Now the part where it falls over, is when a user enters a keyword that SHOULD NOT be inside this field.
So let's say we don't want any Apparel
in there, it would generate this query:
SELECT
company.domain,
company.company_name,
CONCAT_WS(
',',
company.business_sector,
company.tags
) AS 'tags',
GROUP_CONCAT(
employee.employee_id SEPARATOR ','
) AS 'employee_ids',
COUNT(employee.employee_id) AS 'employees'
FROM
company
INNER JOIN employee ON company.domain = employee.domain
WHERE
company.tags REGEXP '^Retail| Retail |Retail$'
OR company.business_sector LIKE '%Retail%'
AND (
company.tags NOT REGEXP '^Apparel| Apparel |Apparel$'
AND company.business_sector NOT LIKE '%Apparel%'
)
AND company.domain NOT IN (
'@hotmail.com',
'@gmail.com',
'@aol.com'
)
GROUP BY
company.domain
This exact query returns 112 results, which should definitely not be the case as there are not 11312 companies with the keyword Apparel
in my database.
Any ideas on what I'm doing wrong
EDIT
This is not a duplicate... I can modify my query, but that's not where the problem lays.
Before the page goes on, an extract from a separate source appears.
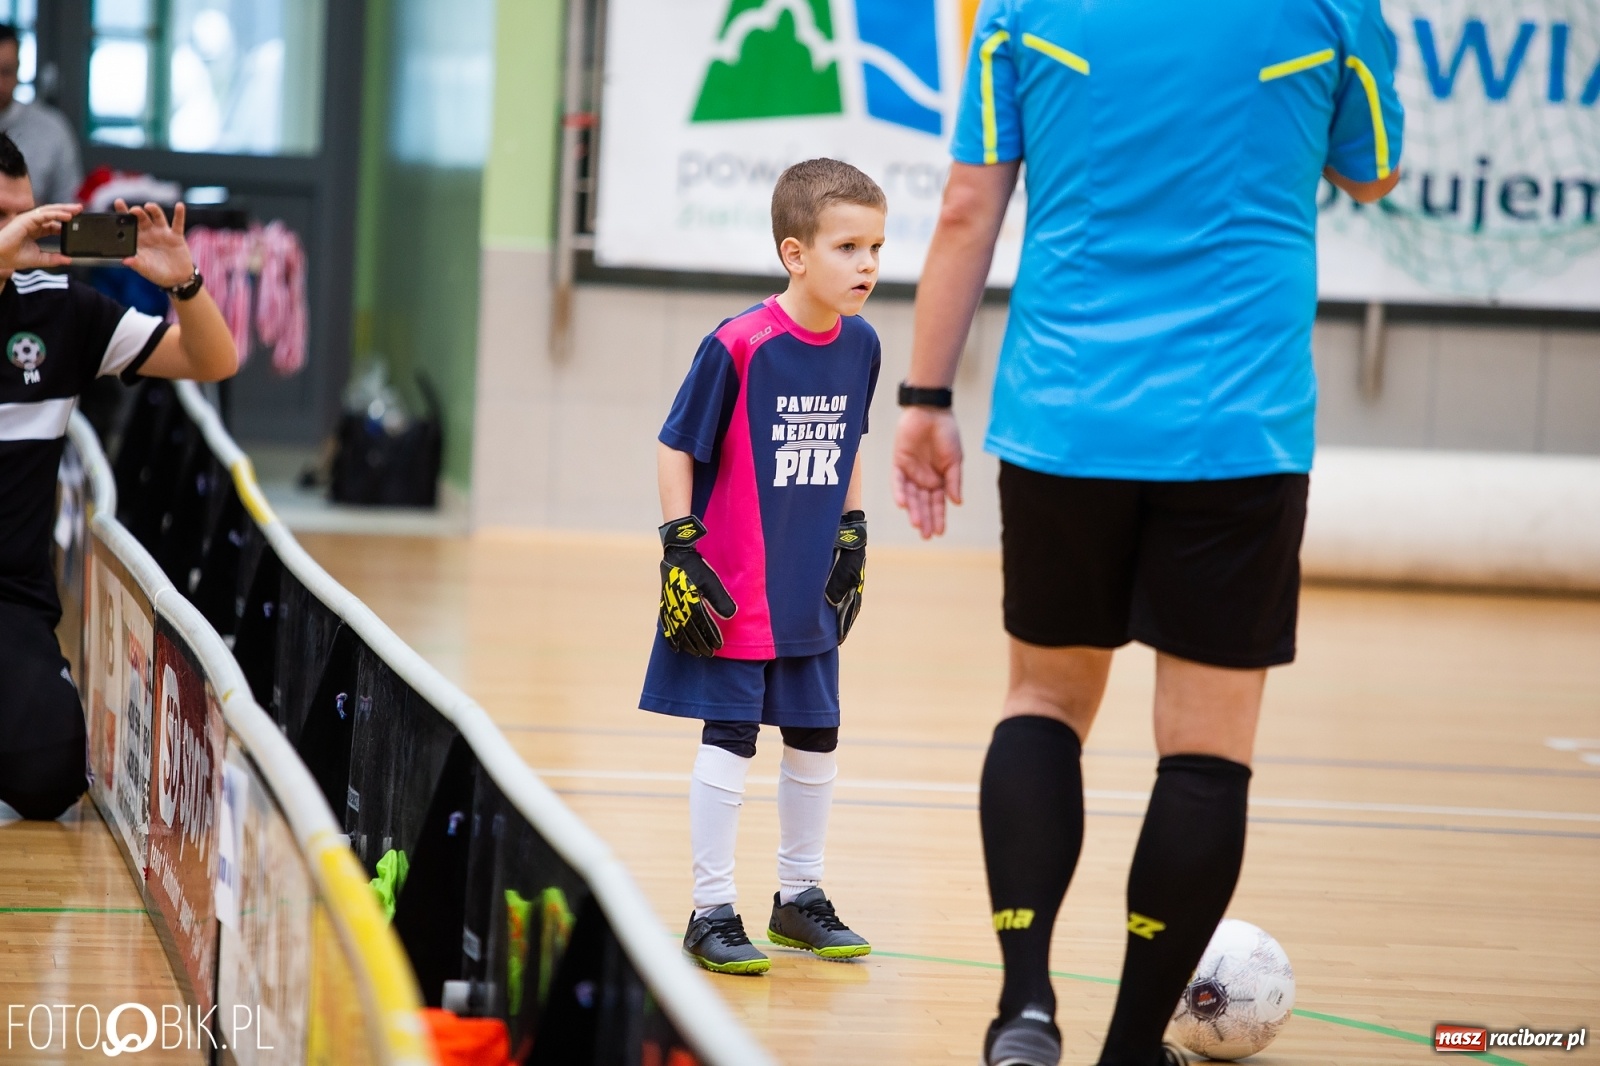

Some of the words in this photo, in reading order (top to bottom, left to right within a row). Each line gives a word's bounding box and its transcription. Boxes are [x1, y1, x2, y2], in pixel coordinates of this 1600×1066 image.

[23, 369, 41, 385] PM
[776, 395, 848, 412] PAWILON
[771, 422, 847, 441] MEBLOWY
[773, 449, 841, 487] PIK
For example, let's take those 11424 results from Retail
and put in a random phrase that we know will NEVER be in ANY of the results, we should get the same 11424 records:
SELECT
company.domain,
company.company_name,
CONCAT_WS(
',',
company.business_sector,
company.tags
) AS 'tags',
GROUP_CONCAT(
employee.employee_id SEPARATOR ','
) AS 'employee_ids',
COUNT(employee.employee_id) AS 'employees'
FROM
company
INNER JOIN employee ON company.domain = employee.domain
WHERE
(
company.tags REGEXP '^Retail| Retail |Retail$'
OR company.business_sector LIKE '%Retail%'
)
AND (
company.tags NOT REGEXP '^This phrase will never occur| This phrase will never occur |This phrase will never occur$'
AND company.business_sector NOT LIKE '%This phrase will never occur%'
)
AND company.domain NOT IN (
'@hotmail.com',
'@gmail.com',
'@aol.com'
)
GROUP BY
company.domain
Instead of getting 11424, I get 135 records from this. How?